> **WHAT YOU NEED TO DO**
The answer must be a word-for-word copy of the records below, with every picture left out.

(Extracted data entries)
------------------------------------------------------------------------

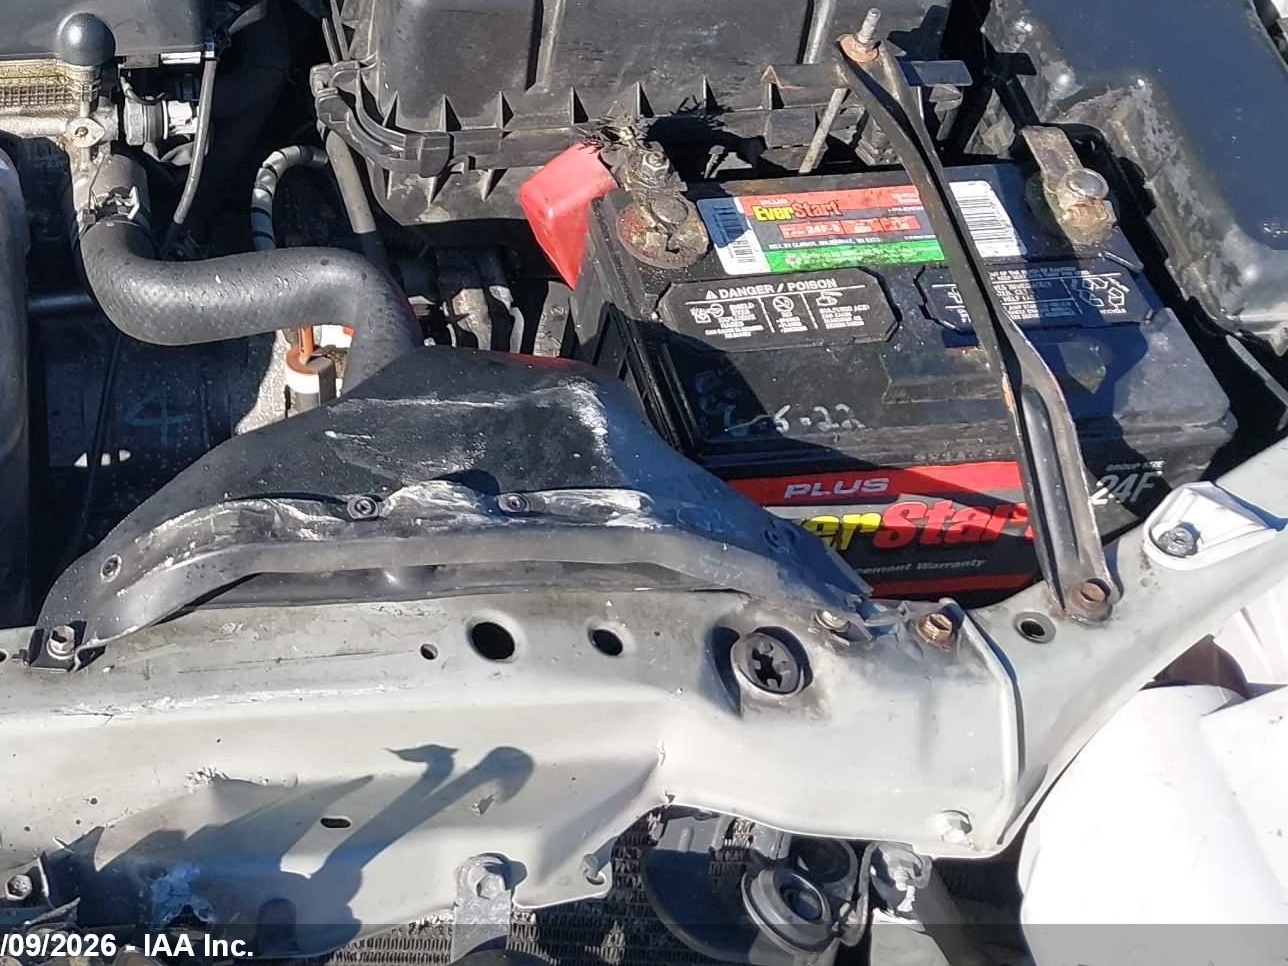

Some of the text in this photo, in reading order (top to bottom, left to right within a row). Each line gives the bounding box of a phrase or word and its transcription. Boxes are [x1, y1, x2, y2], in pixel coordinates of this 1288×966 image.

[751, 200, 843, 222] EverStart
[719, 284, 774, 299] DANGER
[787, 278, 838, 292] POISON
[784, 476, 891, 500] PLUS
[1089, 471, 1163, 505] 24F
[801, 500, 1035, 552] erStar
[915, 558, 987, 571] Warranty
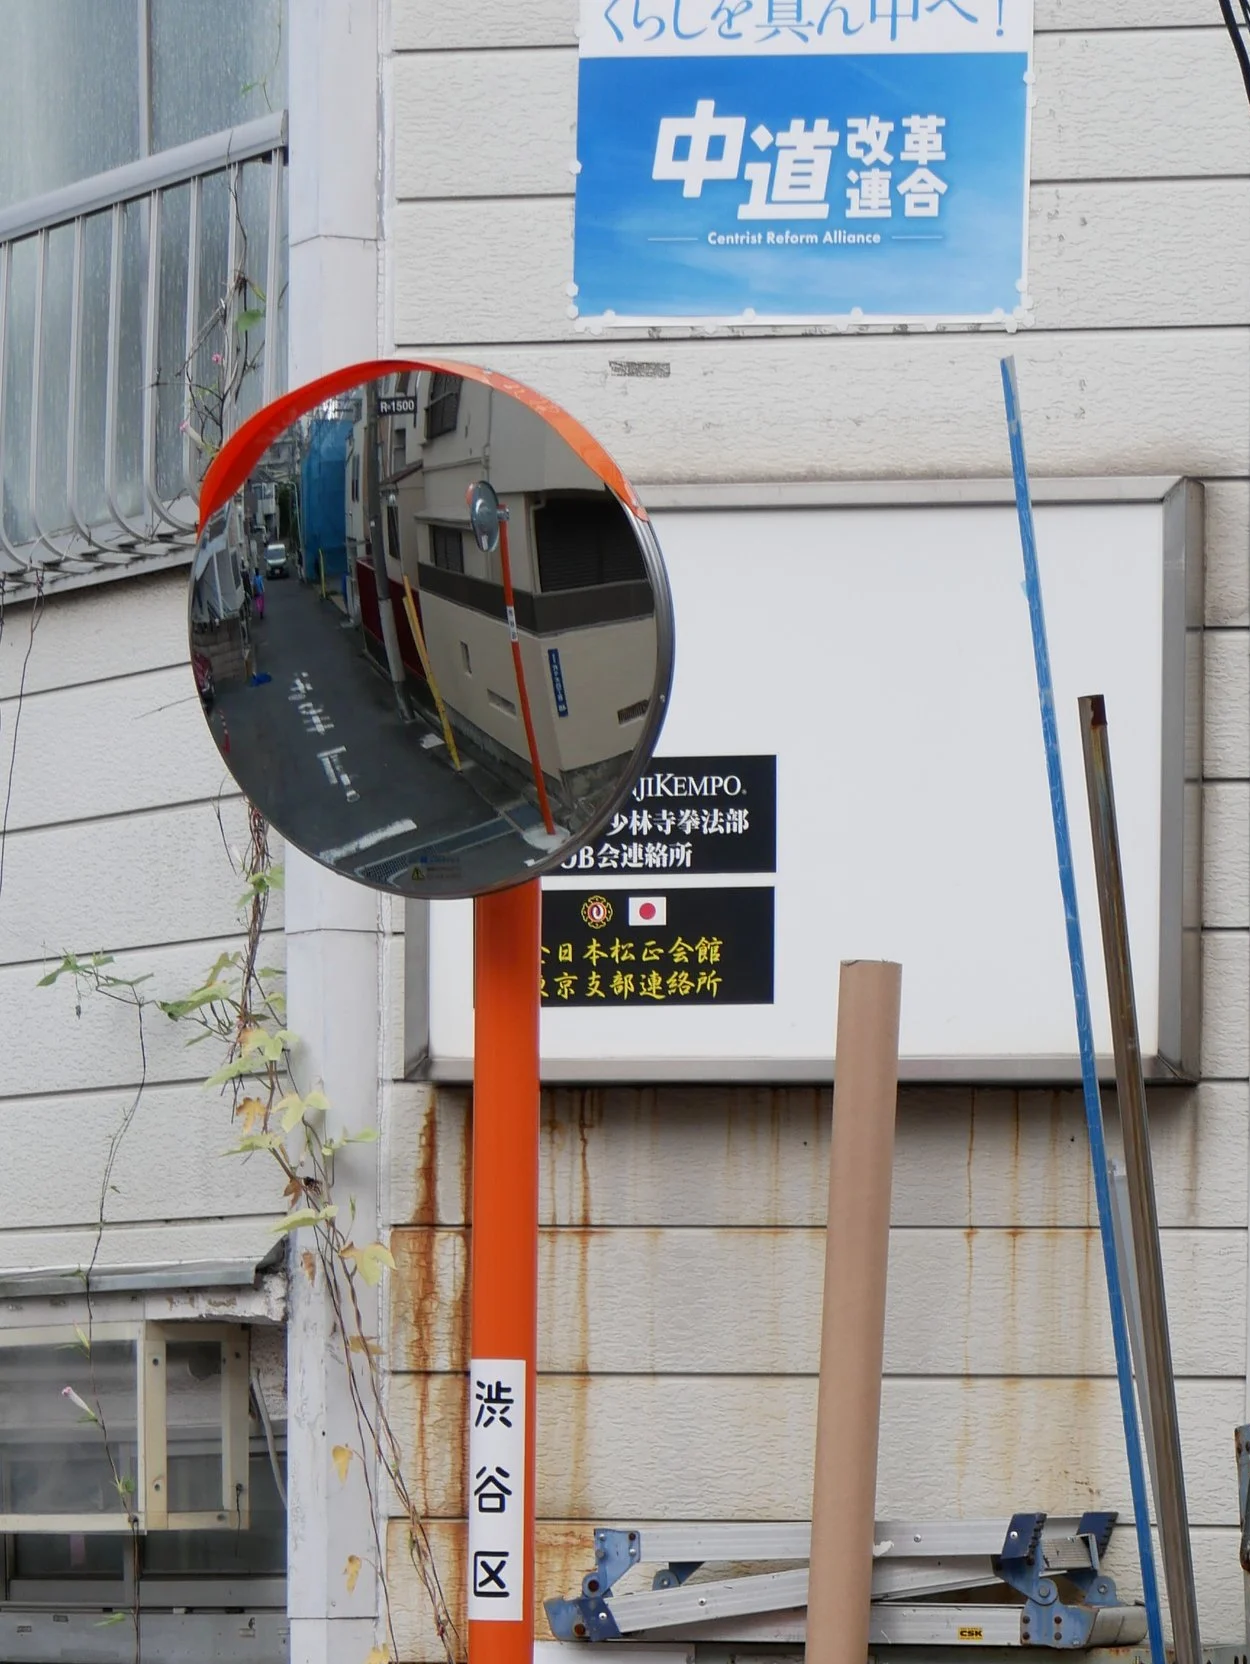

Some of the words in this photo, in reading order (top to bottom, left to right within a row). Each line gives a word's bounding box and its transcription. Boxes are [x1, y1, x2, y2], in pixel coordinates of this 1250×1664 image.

[652, 99, 840, 220] 中道
[846, 114, 946, 166] 改革
[845, 168, 948, 219] 連合
[707, 230, 762, 246] Centrist
[766, 230, 819, 245] Reform
[822, 229, 881, 245] Alliance
[632, 773, 742, 802] JIKEMPO
[473, 1380, 515, 1598] 渋谷区
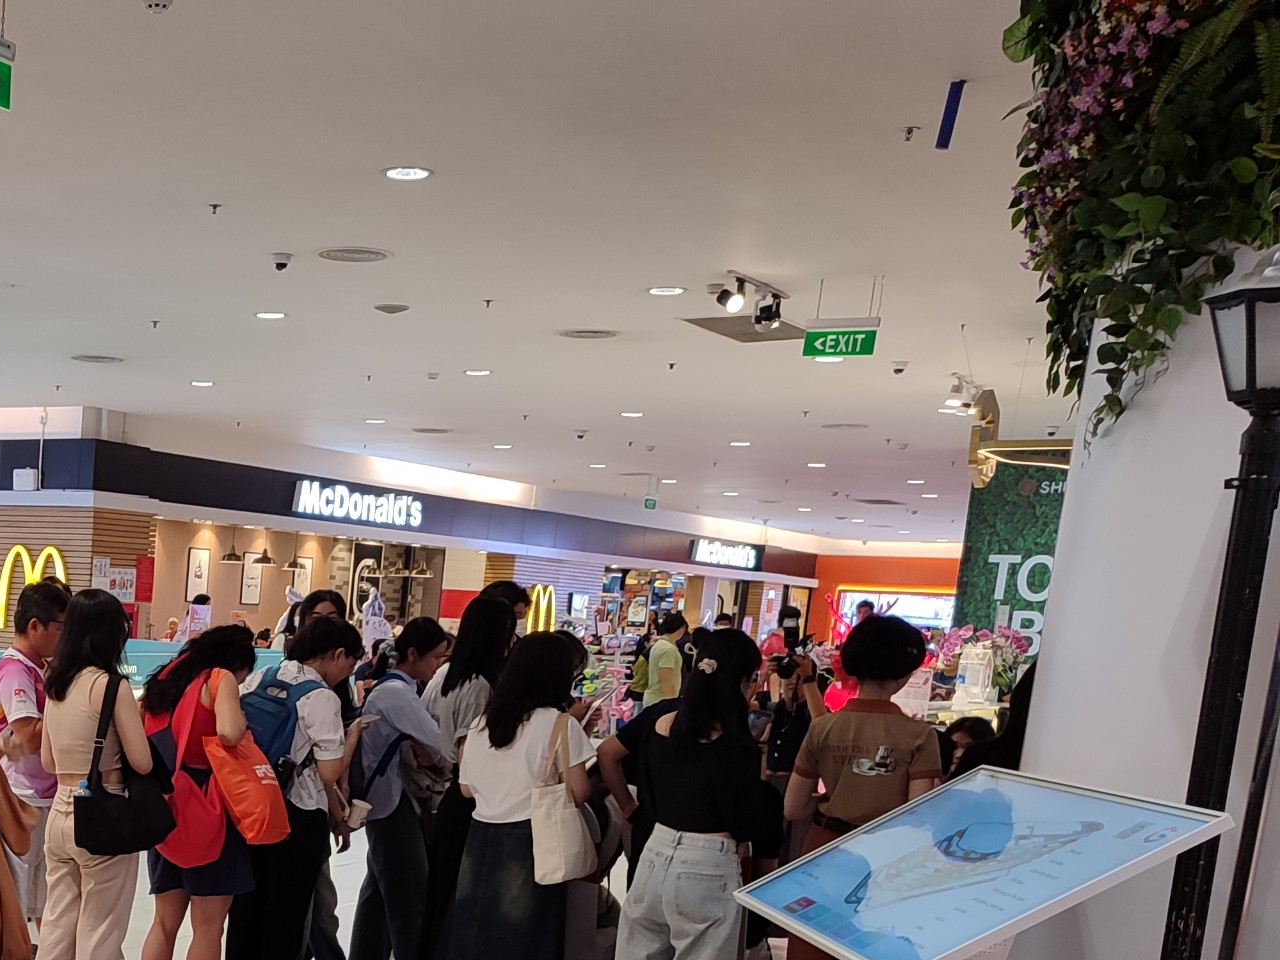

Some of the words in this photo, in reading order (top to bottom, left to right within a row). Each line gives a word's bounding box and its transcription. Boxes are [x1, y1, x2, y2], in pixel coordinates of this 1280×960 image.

[825, 334, 866, 353] EXIT
[1039, 481, 1068, 494] SH
[293, 480, 422, 527] McDonald's

------------------------------------------------------------------------

> **ANSWER BELOW**
Some of the text in this photo, in reading order (top to bottom, left to right within a row). Each line gives the bounding box of a phrase or word and its transcription. Boxes are [x1, y1, x2, y2], in pixel coordinates of this 1288×966 image.

[751, 200, 843, 222] EverStart
[719, 284, 774, 299] DANGER
[787, 278, 838, 292] POISON
[784, 476, 891, 500] PLUS
[1089, 471, 1163, 505] 24F
[801, 500, 1035, 552] erStar
[915, 558, 987, 571] Warranty

Some of the words in this photo, in reading order (top to bottom, left to right within a row). Each line gives a word's bounding box and its transcription. Boxes are [x1, y1, x2, y2], in pixel coordinates of this 1250×1664 image.

[652, 99, 840, 220] 中道
[846, 114, 946, 166] 改革
[845, 168, 948, 219] 連合
[707, 230, 762, 246] Centrist
[766, 230, 819, 245] Reform
[822, 229, 881, 245] Alliance
[632, 773, 742, 802] JIKEMPO
[473, 1380, 515, 1598] 渋谷区

Some of the words in this photo, in reading order (top to bottom, left to right within a row). Each line gives a word's bounding box and its transcription. Boxes are [x1, y1, x2, y2], in pixel coordinates of this 1280×960 image.

[825, 334, 866, 353] EXIT
[1039, 481, 1068, 494] SH
[293, 480, 422, 527] McDonald's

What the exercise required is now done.